**Problem requirements:** A word-for-word copy of the records that follow is needed, with every picture omitted.

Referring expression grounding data
┄┄┄┄┄┄┄┄┄┄┄┄┄┄┄┄┄┄┄┄

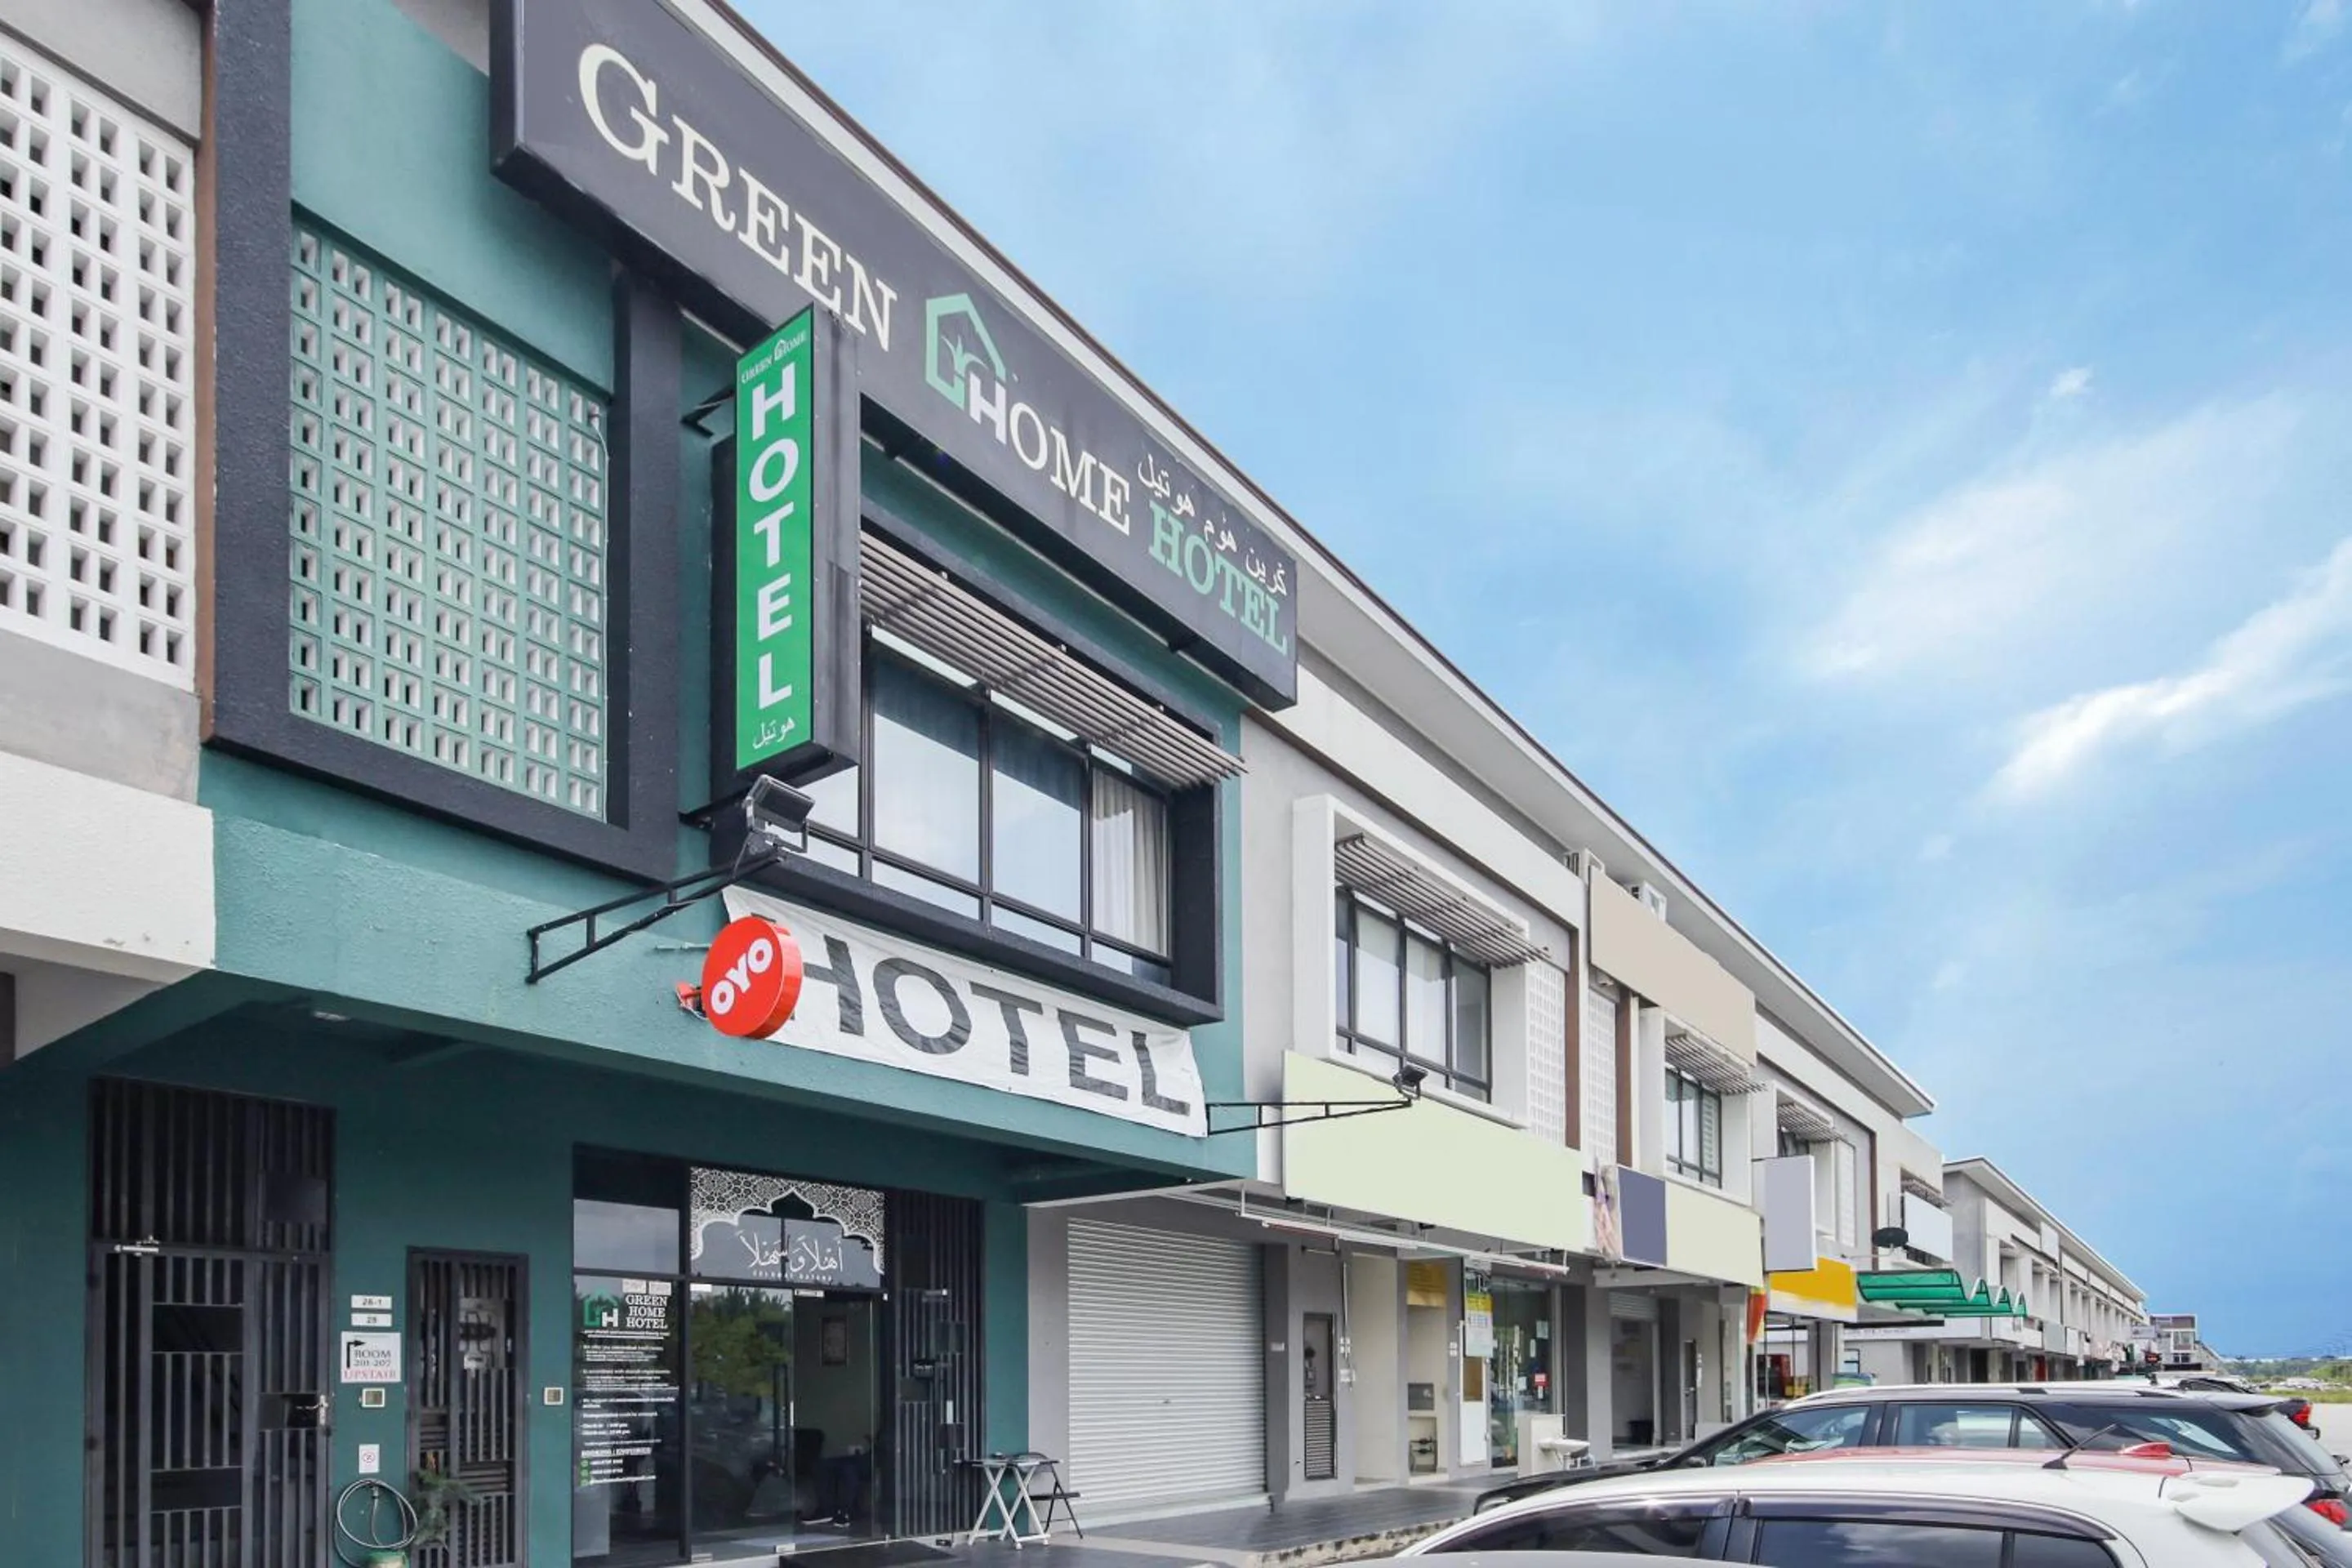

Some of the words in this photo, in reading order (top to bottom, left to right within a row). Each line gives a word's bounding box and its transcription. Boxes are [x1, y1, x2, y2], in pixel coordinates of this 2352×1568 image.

[579, 43, 897, 351] GREEN
[969, 371, 1130, 536] HOME
[1148, 500, 1287, 655] HOTEL
[749, 362, 800, 710] HOTEL
[711, 938, 774, 1015] OYO
[625, 1294, 667, 1307] GREEN
[626, 1316, 668, 1329] HOTEL
[628, 1306, 666, 1317] HOME
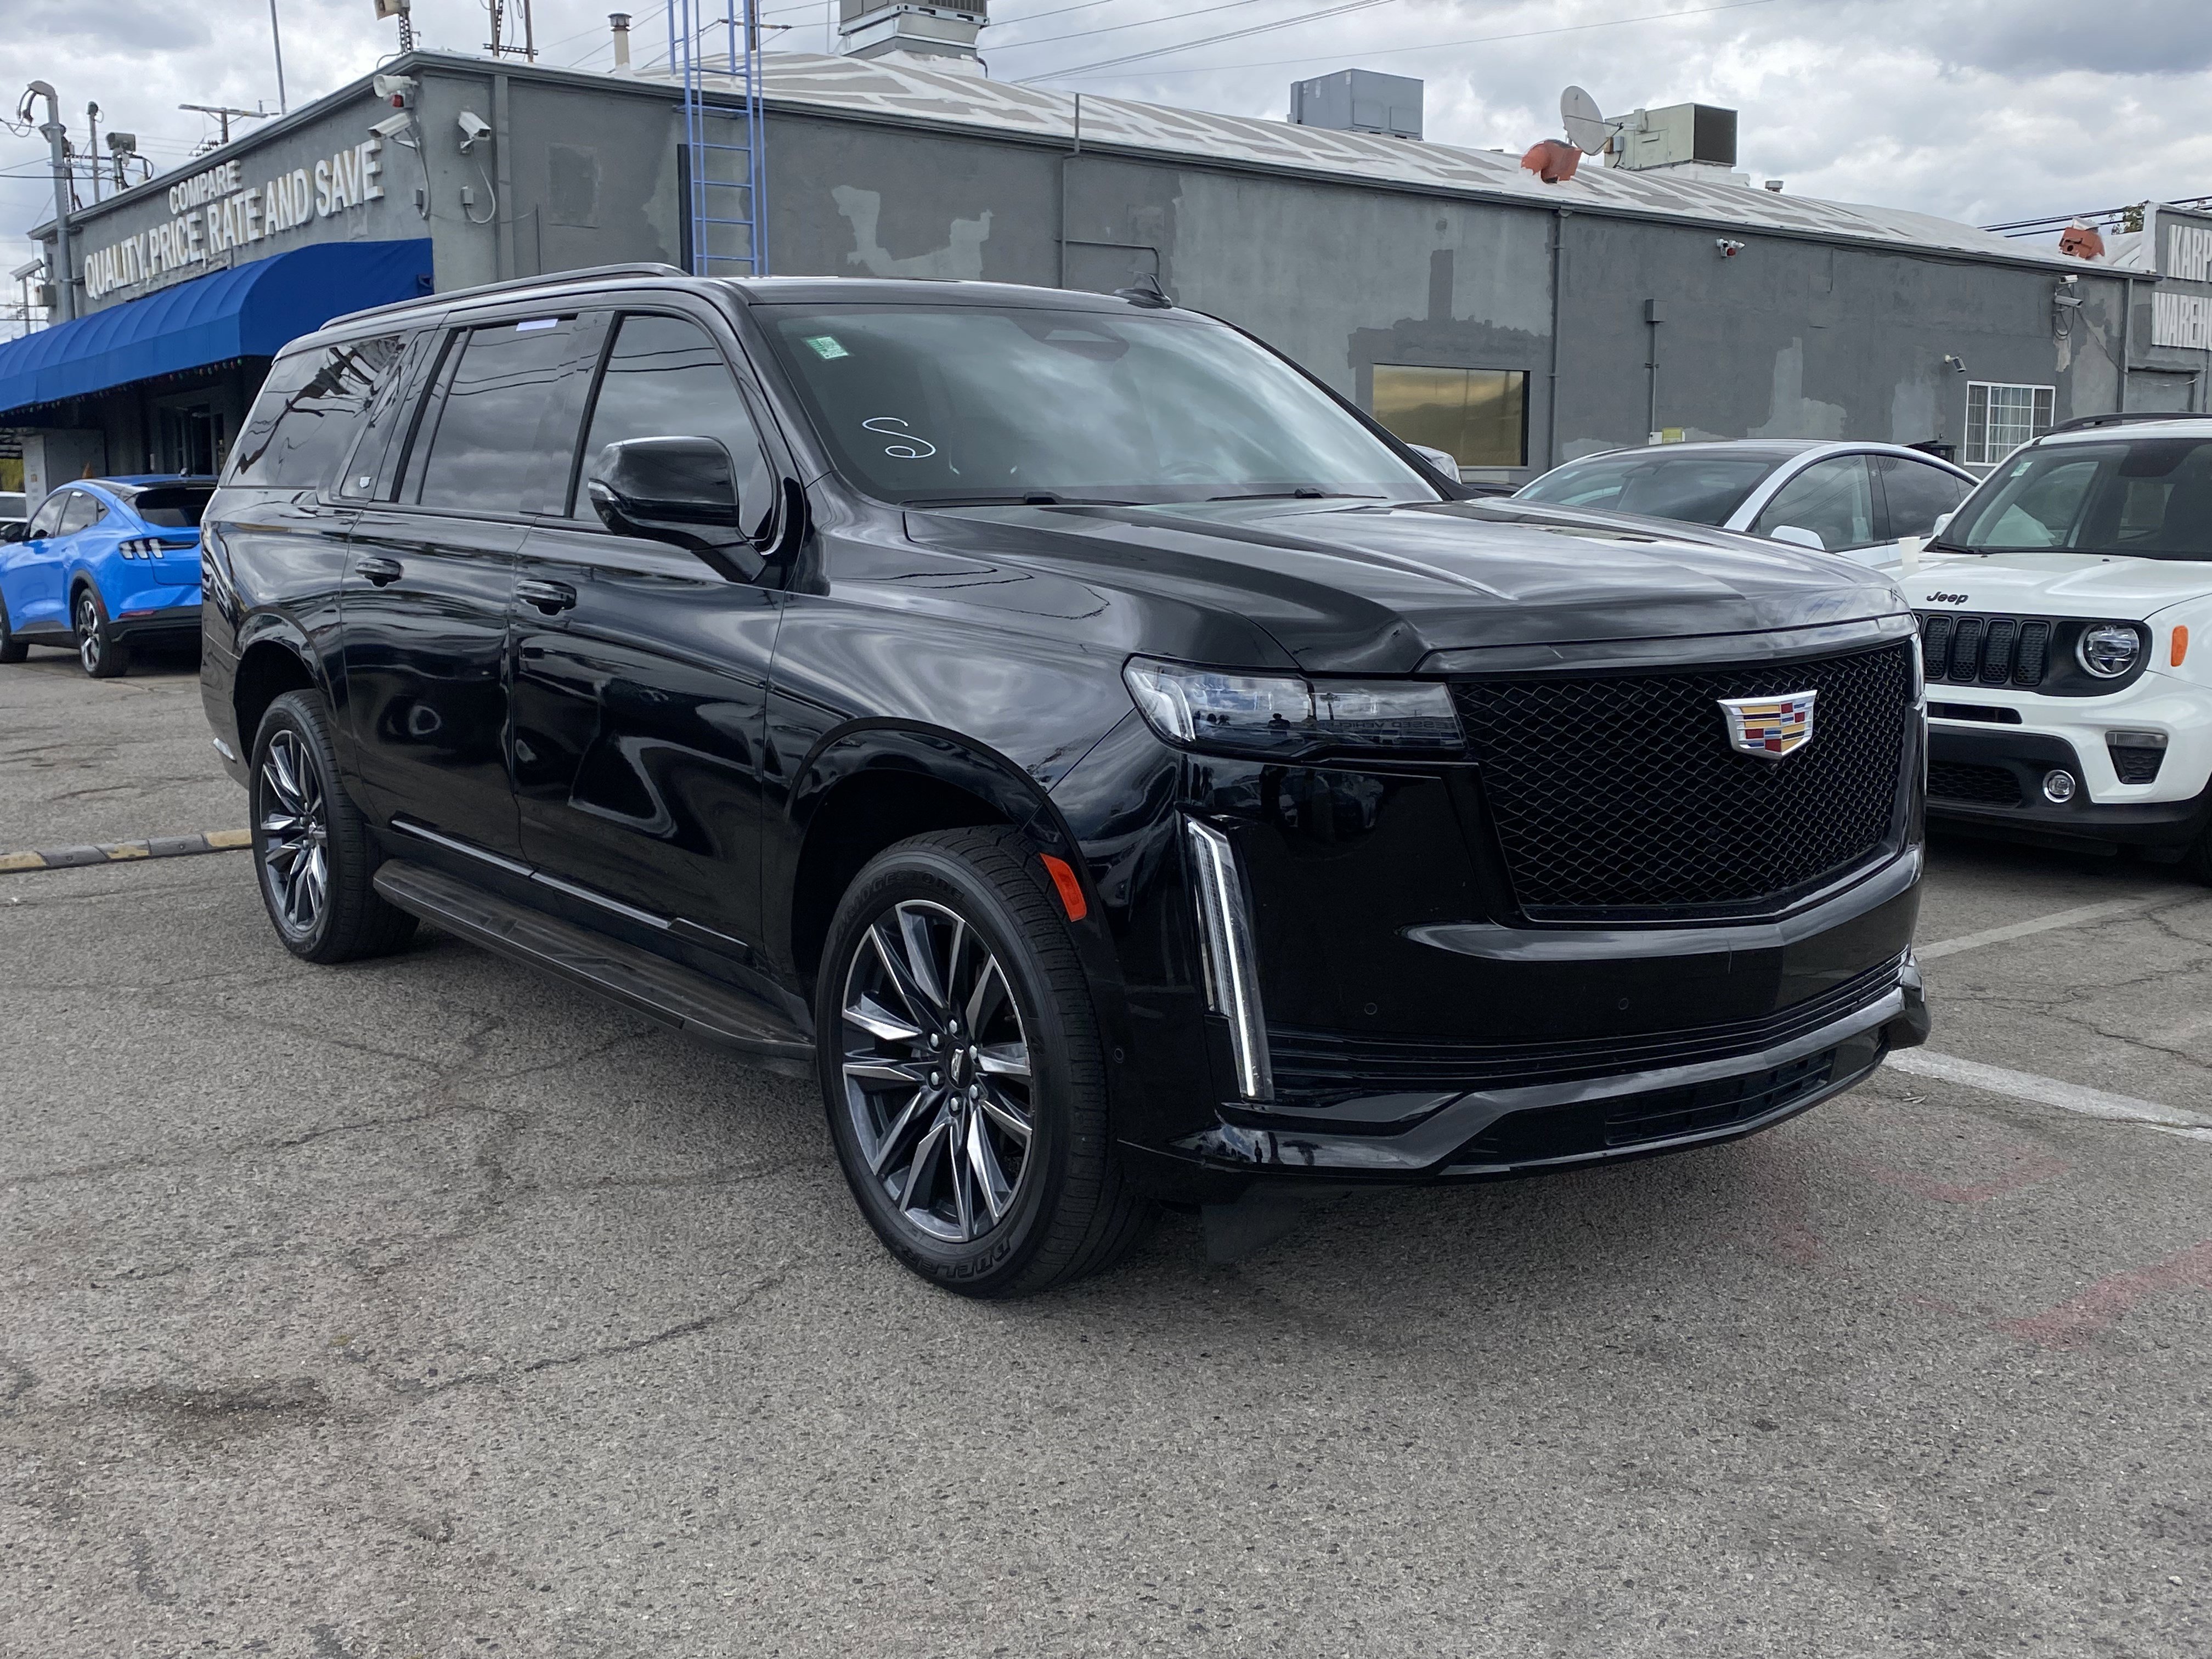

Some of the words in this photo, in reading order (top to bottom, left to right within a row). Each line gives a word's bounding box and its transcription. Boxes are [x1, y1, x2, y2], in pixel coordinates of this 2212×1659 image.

┄┄┄┄┄┄┄┄┄┄┄┄┄┄┄┄┄┄┄┄

**Answer to this problem:**
Some of the words in this photo, in reading order (top to bottom, left to right within a row). Each line gives a word's bounding box and its transcription. Boxes are [x1, y1, x2, y2], in pixel coordinates of this 2352×1568 image.

[579, 43, 897, 351] GREEN
[969, 371, 1130, 536] HOME
[1148, 500, 1287, 655] HOTEL
[749, 362, 800, 710] HOTEL
[711, 938, 774, 1015] OYO
[625, 1294, 667, 1307] GREEN
[626, 1316, 668, 1329] HOTEL
[628, 1306, 666, 1317] HOME

Some of the words in this photo, in reading order (top to bottom, left to right within a row). Each line gives a word's bounding box and its transcription. Boxes are [x1, y1, x2, y2], in pixel coordinates of this 2212×1659 image.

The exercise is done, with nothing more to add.